暗自皱眉叹息,一号甚至觉得自己已经走火入魔。因为他相当的清楚,如果钱从良以同样的神情把一杯毒药放到他面前的话,他肯定也会毫不犹豫的端起来喝下去。只要,他开心便好。
一号一勺一勺的吃着刨冰,神色不变姿态优雅。而二号则是无视小蝙蝠的控诉眼神,吃着抢来的刨冰。怎么说自己也出力了,没有回报怎么行?柿子要挑软的捏,这里面最好欺负的就是那只蝙蝠,尽管如此,他胳膊上还是被烧焦了一片片。

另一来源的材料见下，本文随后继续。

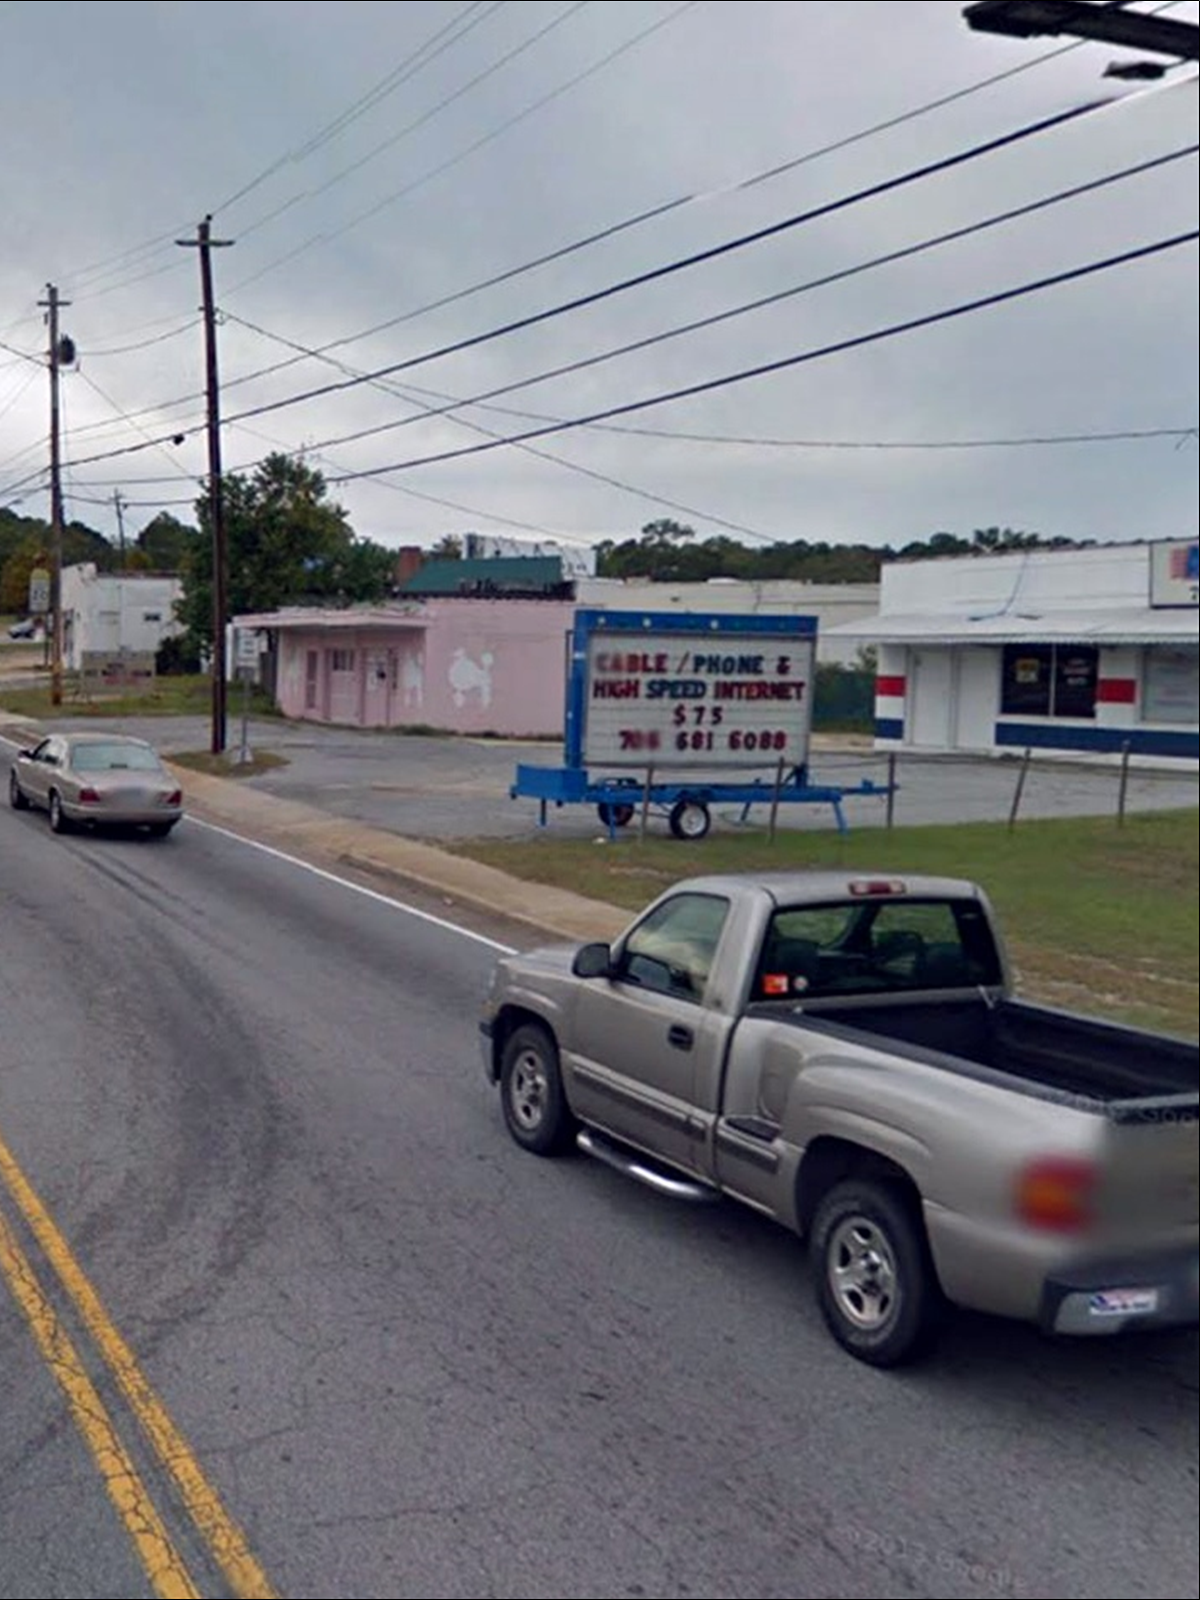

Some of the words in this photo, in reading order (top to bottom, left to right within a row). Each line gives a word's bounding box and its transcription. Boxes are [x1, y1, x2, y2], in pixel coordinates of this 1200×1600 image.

[595, 653, 668, 674] CABLE
[693, 655, 765, 675] PHONE
[776, 656, 791, 675] &
[593, 679, 640, 699] HIGH
[646, 679, 707, 699] SPEED
[713, 681, 805, 700] INTERNET
[676, 731, 714, 751] 681

屋内另一边,小冰瓜和两个小南瓜正互相蹦跶追逐着,时而发出咯咯的笑声,那画面怎么看怎么美好可爱,当然,这是在某几个人的眼里。
要知道屋内除了寻肉小队的人外,还有其他二十多个穿白大褂的研究者,他们此时别说感受劫后余生的美好了,光是那在地上蹦跶的欢的瓜类就让他们的研究精神受到极大的冲击,更别说,一边的沙发上还坐着一个用叶子舀刨冰的七色向日葵和用藤蔓当吸管的银色曼珠沙华,这简直就完全冲击了他们的世界观人生观啊!有没有?!
咳咳,说到这里,此时小花已经从人形变回了花型。而一条,恩,就连钱从良也不得不承认小花的眼光相当的好。就在来的路上一条脑袋上的那朵花包包终于开花了,而它一开花就震惊了某小人。
在上上下下仔仔细细的打量了那一朵有着细密而纷繁优雅的花瓣的花苞之后,钱从良抽着嘴角从空间拿出一本动植物大全,最终确定那朵花是曼珠沙华。当然,除了颜色不对以外,它的外形就是曼珠沙华,也就是俗名的彼岸花。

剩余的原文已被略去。